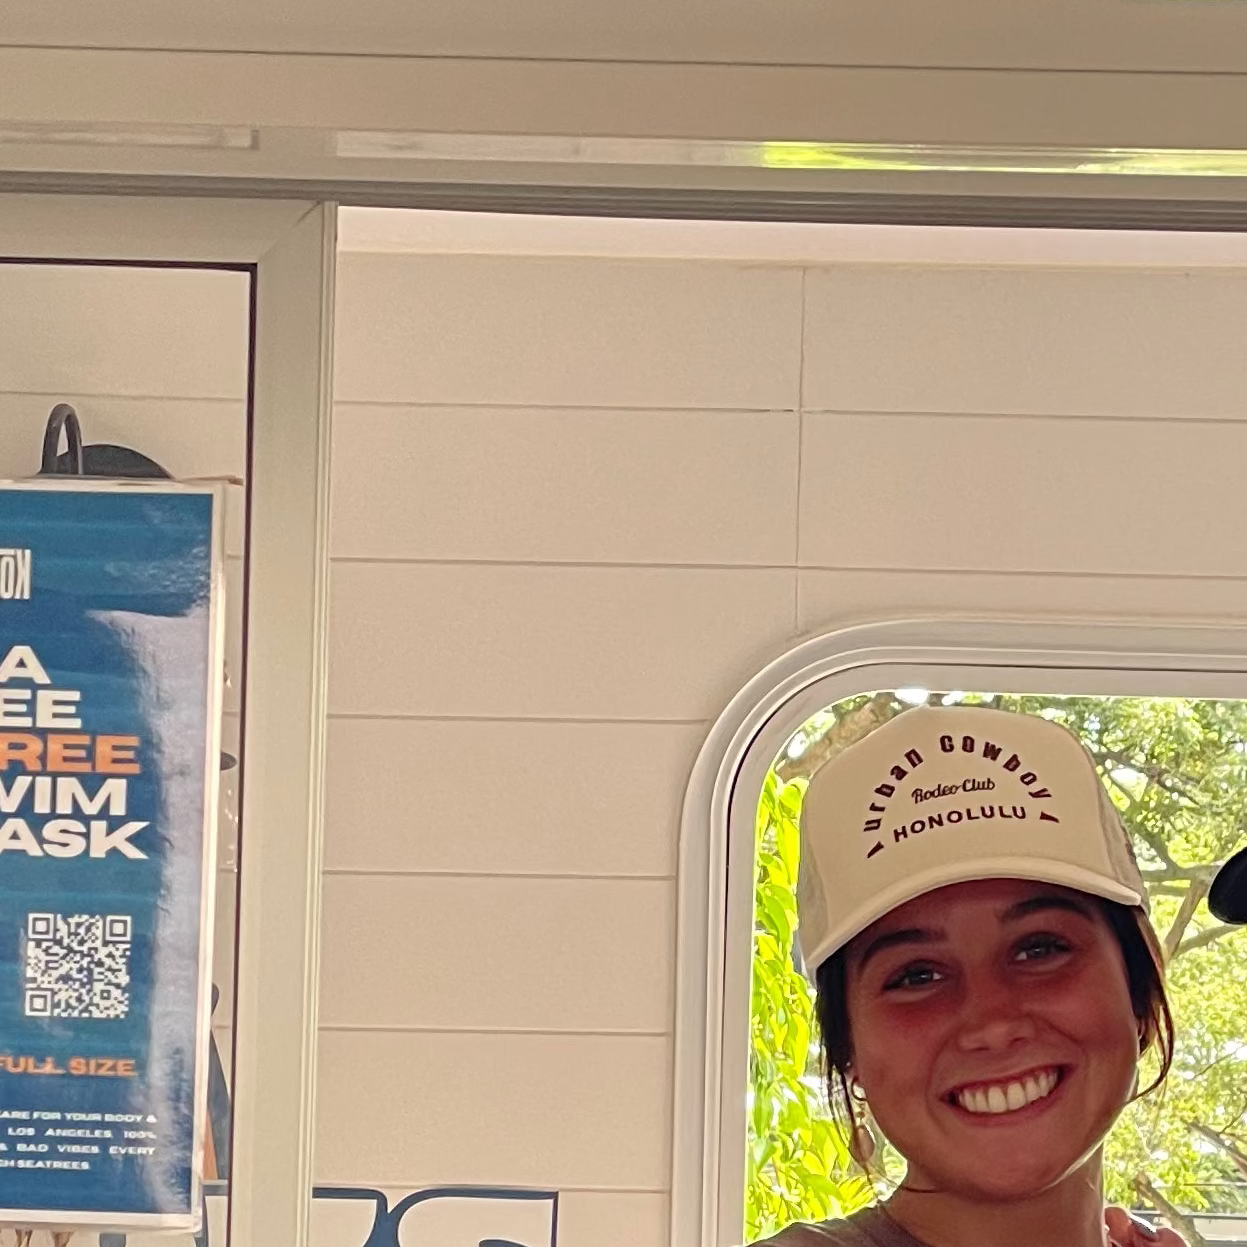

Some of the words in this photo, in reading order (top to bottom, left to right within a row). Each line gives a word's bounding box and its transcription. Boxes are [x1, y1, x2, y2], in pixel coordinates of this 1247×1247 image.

[911, 783, 961, 805] Rodeo
[961, 777, 996, 793] Club
[893, 804, 1027, 843] HONOLULU
[69, 1056, 138, 1076] SIZE
[33, 1111, 62, 1121] FOR
[64, 1113, 101, 1122] YOUR
[104, 1113, 144, 1123] BODY
[7, 1127, 36, 1137] LOS
[16, 1143, 49, 1153] BAD
[57, 1145, 101, 1154] VIBES
[108, 1146, 156, 1156] EVERY
[17, 1160, 91, 1171] SEATREES
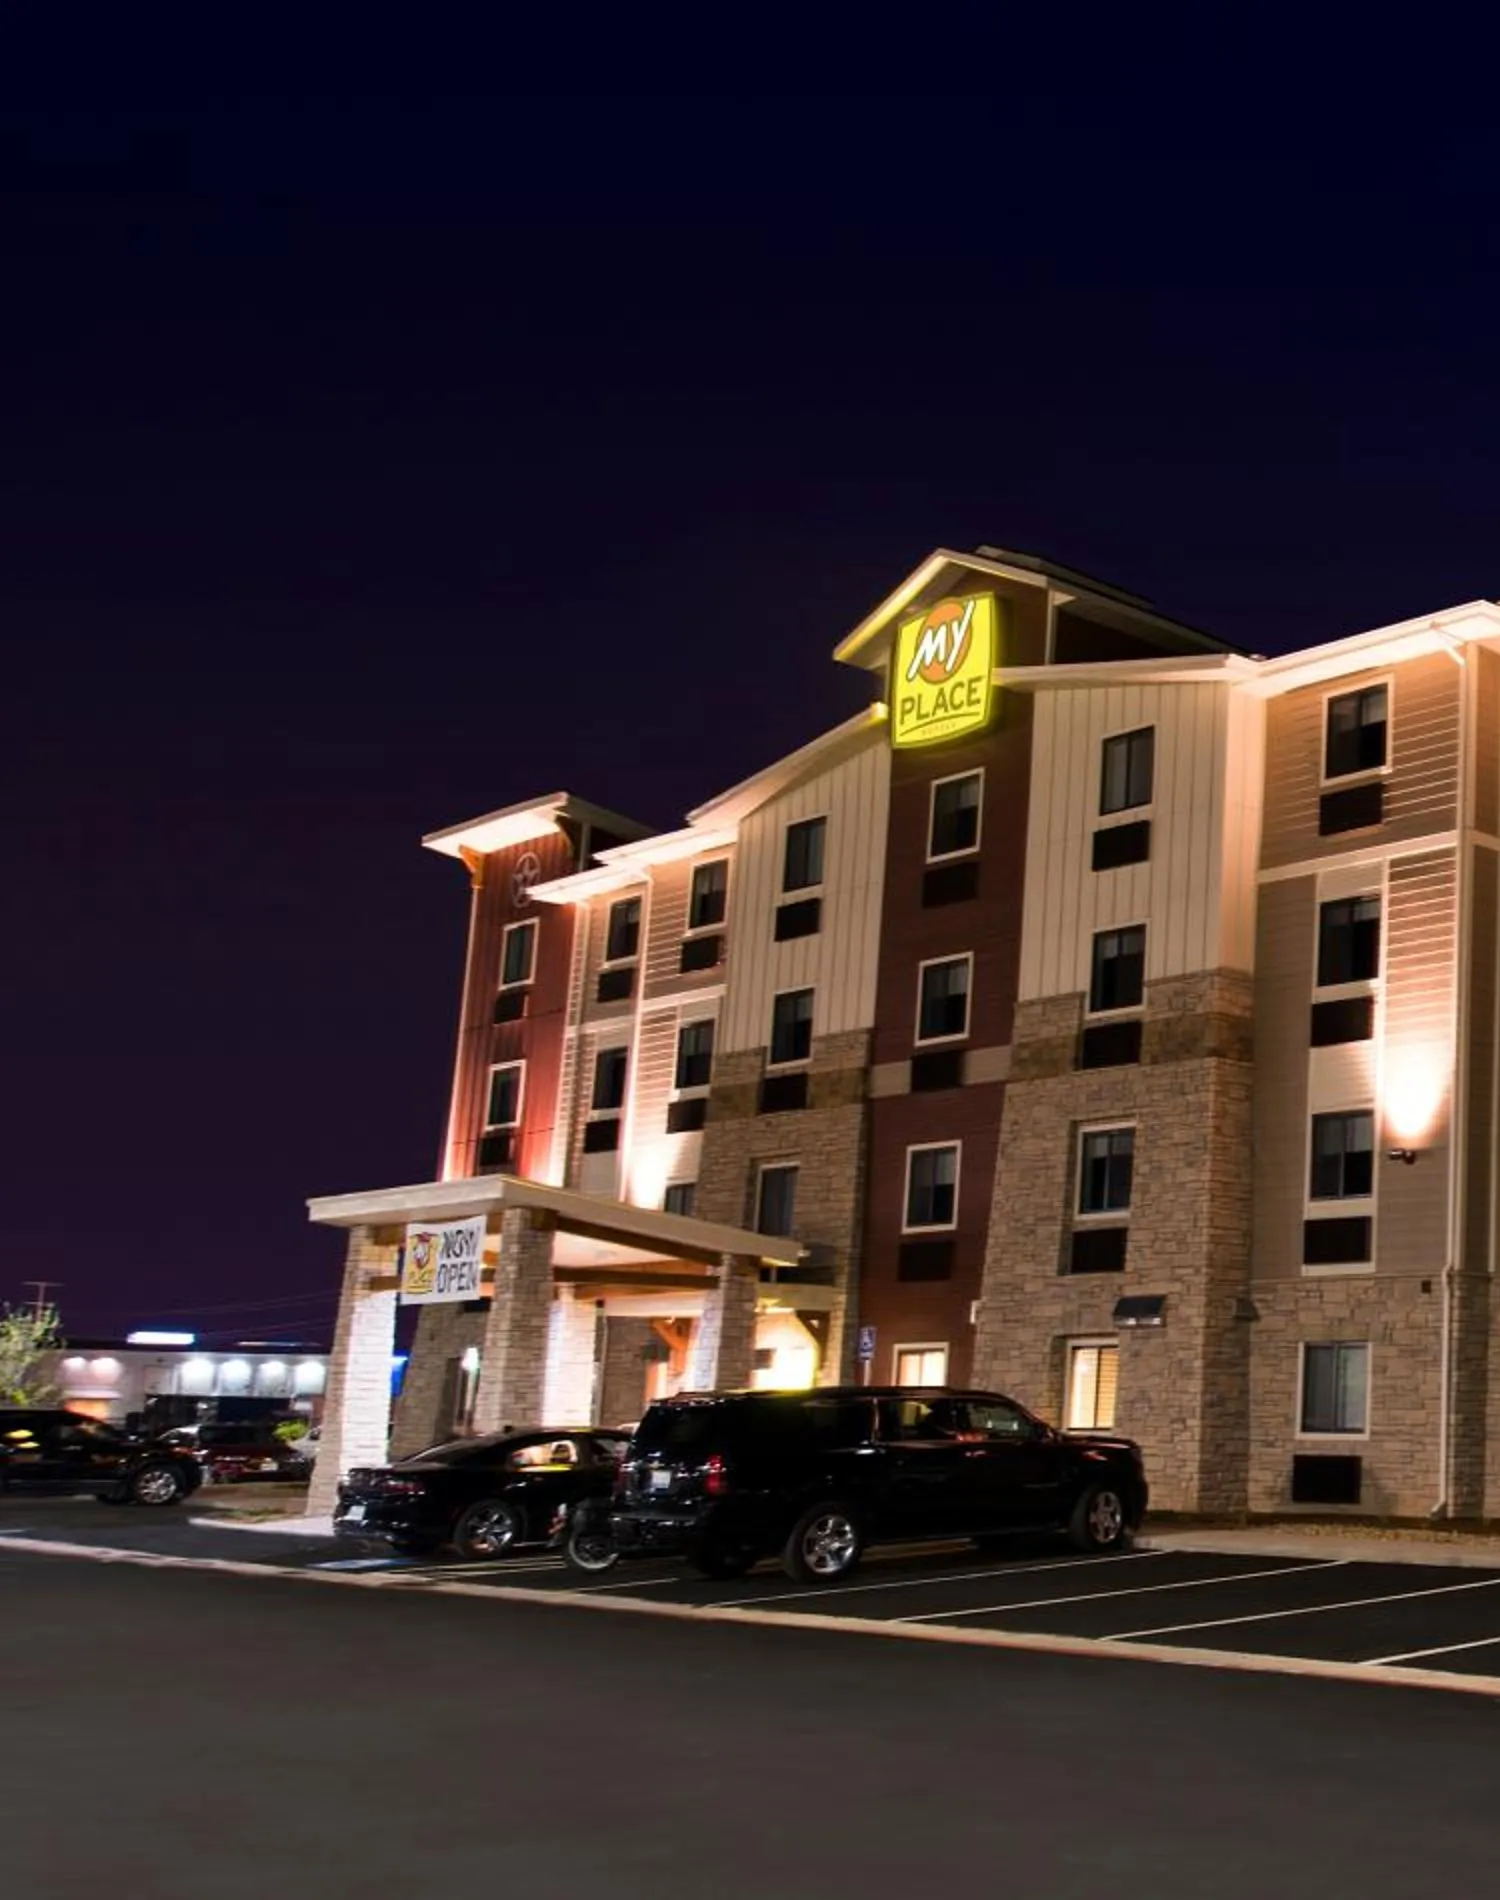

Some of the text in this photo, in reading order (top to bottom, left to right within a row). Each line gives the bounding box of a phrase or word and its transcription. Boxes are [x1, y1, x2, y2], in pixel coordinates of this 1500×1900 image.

[900, 676, 984, 725] PLACE
[441, 1226, 481, 1259] NOW
[437, 1260, 479, 1293] OPEN
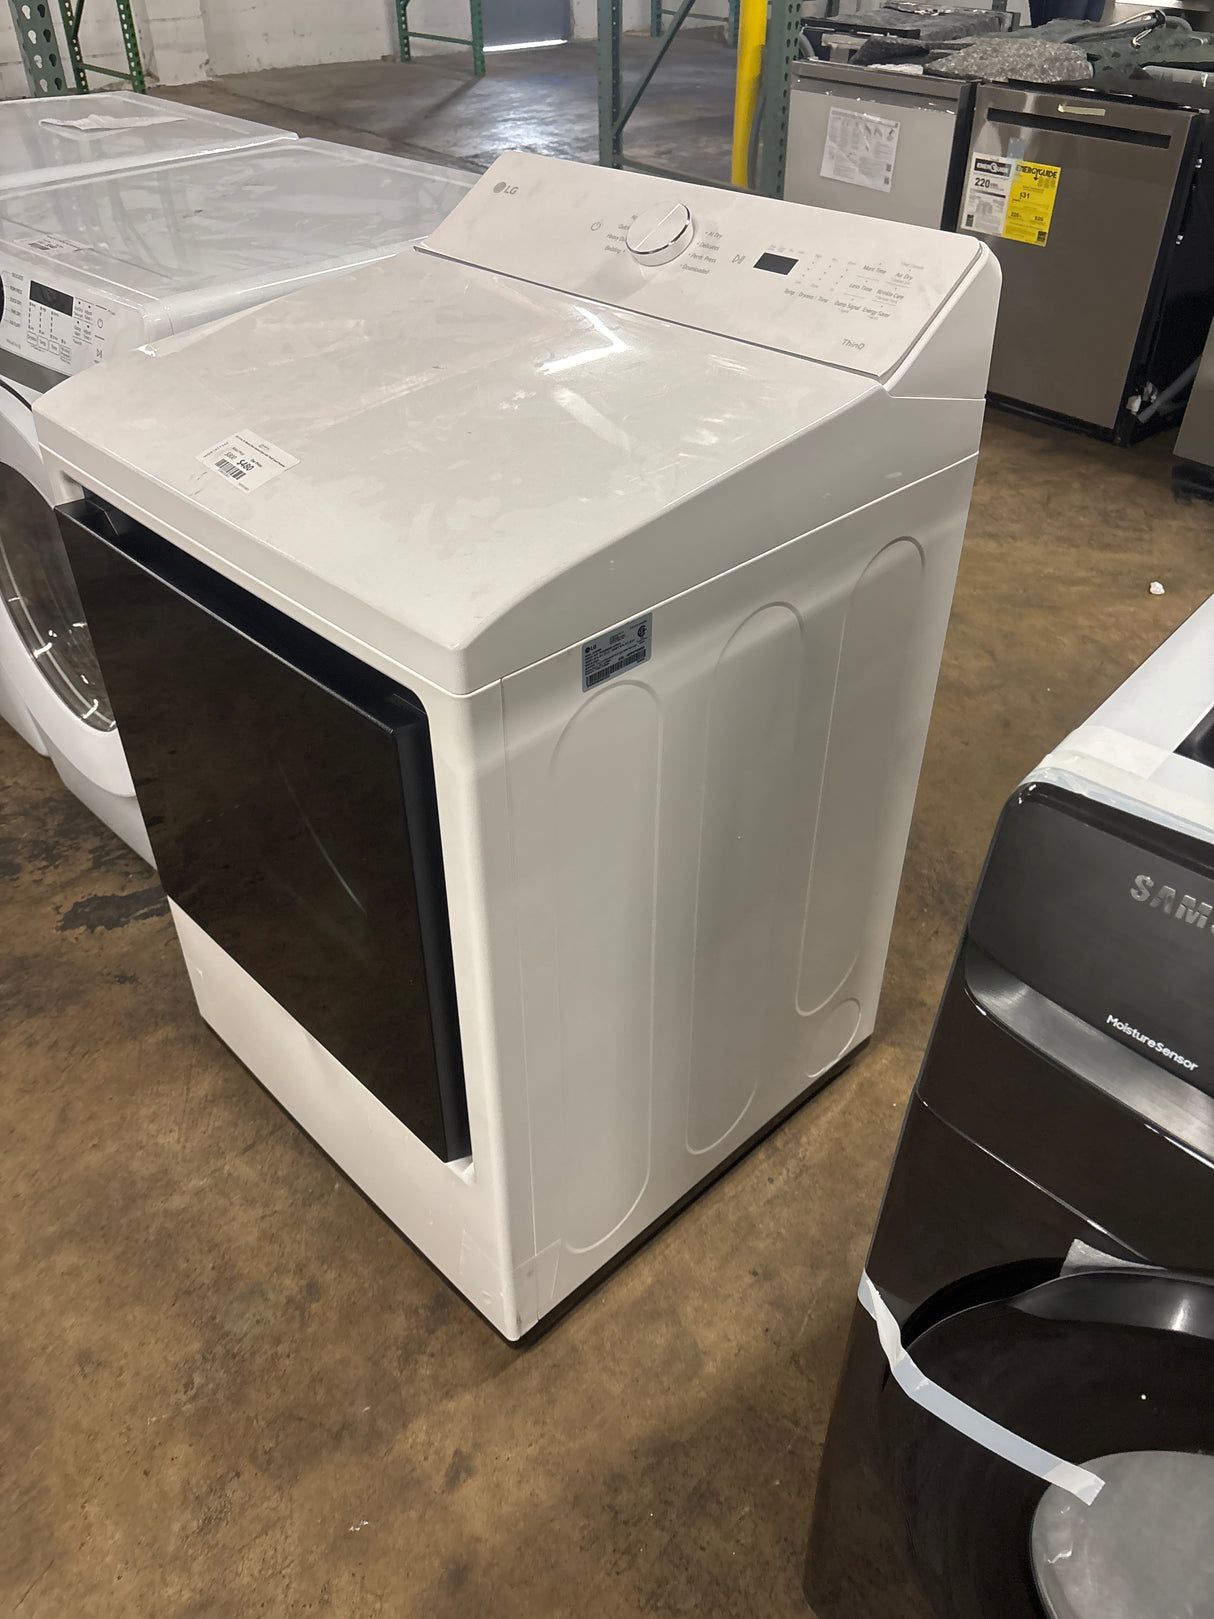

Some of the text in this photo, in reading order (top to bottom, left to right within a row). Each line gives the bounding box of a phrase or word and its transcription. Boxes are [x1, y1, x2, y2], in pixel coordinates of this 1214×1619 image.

Your instructions =>
Please set down every line of the data above precisely, dropping the images.

Task result =>
Some of the words in this photo, in reading order (top to bottom, left to right within a row). Each line gives a word's bounding box and its transcription. Boxes are [x1, y1, x2, y2], in pixel coordinates of this 1247×1247 image.

[911, 783, 961, 805] Rodeo
[961, 777, 996, 793] Club
[893, 804, 1027, 843] HONOLULU
[69, 1056, 138, 1076] SIZE
[33, 1111, 62, 1121] FOR
[64, 1113, 101, 1122] YOUR
[104, 1113, 144, 1123] BODY
[7, 1127, 36, 1137] LOS
[16, 1143, 49, 1153] BAD
[57, 1145, 101, 1154] VIBES
[108, 1146, 156, 1156] EVERY
[17, 1160, 91, 1171] SEATREES

Some of the text in this photo, in reading order (top to bottom, left to right within a row). Each line gives the bounding box of a phrase or word and its transcription. Boxes are [x1, y1, x2, y2], in pixel coordinates of this 1500×1900 image.

[900, 676, 984, 725] PLACE
[441, 1226, 481, 1259] NOW
[437, 1260, 479, 1293] OPEN

Some of the text in this photo, in reading order (top to bottom, left to right within a row). Each line gives the bounding box of a phrase or word and its transcription. Boxes are [x1, y1, x2, y2], in pixel coordinates of this 1214×1619 image.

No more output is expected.